The hope is that the vaccine could be used as a “relapse prevention agent.” For those who have gone into drug treatment and are taking medication like buprenorphine or methadone, potentially getting vaccinated could avoid relapse and the risk of dying from a drug overdose. When an individual has detoxed from a drug, their tolerance is reduced, and they’re more likely to die from overdosing if they relapse.
Read More: Is Methadone Safe for Pain?
What’s Next for the Anti Fentanyl Vaccine?
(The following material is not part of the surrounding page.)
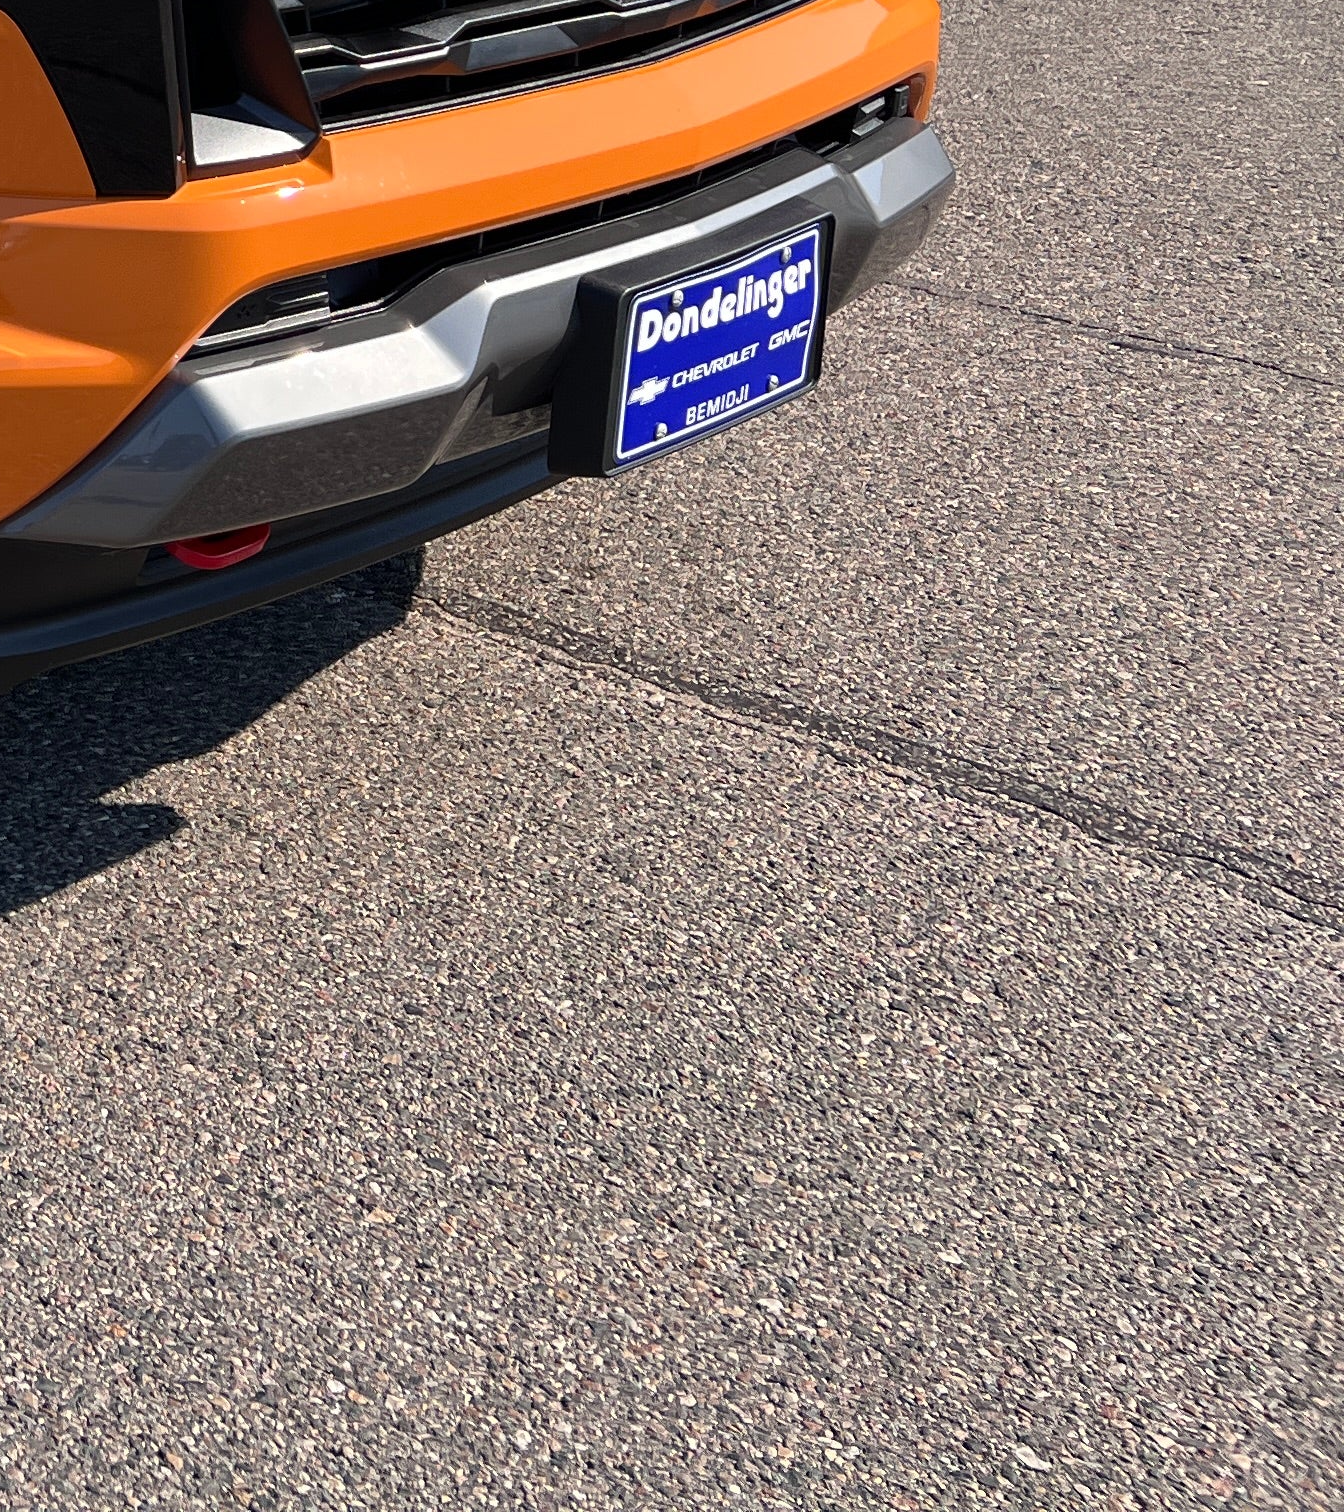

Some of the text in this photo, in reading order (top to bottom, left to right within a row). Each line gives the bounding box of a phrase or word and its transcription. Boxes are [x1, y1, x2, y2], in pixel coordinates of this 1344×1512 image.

While it’s an interesting concept, it’s far from being available to drug users. The lab has started manufacturing a clinical-grade vaccine which researchers hope to have available in the next five months. From there, the lab will begin toxicology testing in animals, and then that research will be submitted to the FDA for approval.
If it’s successful, the next step is human clinical trials which presumably could take 12 to 18 months. Haile says that certain parts of the vaccine are already available in other vaccines, and other parts have been in human clinical trials before. He hopes that the trials will be fast-tracked because of the dire need. This isn’t the first vaccine like this, vaccines have been developed to protect against morphine in the 1970s and another to protect against cocaine.
According to Katharine Neill Harris, a researcher in drug policy at Rice University’s Baker Institute for Public Policy, assuming that it’s shown to be effective in humans, the vaccine has the potential to reduce fentanyl-related deaths in drug users looking to avoid fentanyl entirely.
“Those who receive the vaccine would be protected from that exposure if they take fentanyl-adulterated drugs,” she says.
For Harris, this is just one tool in the overdose toolbox that we can use to keep people alive. The problem is getting worse, not better, and it will take both innovative ideas and an open mind to turn the tide.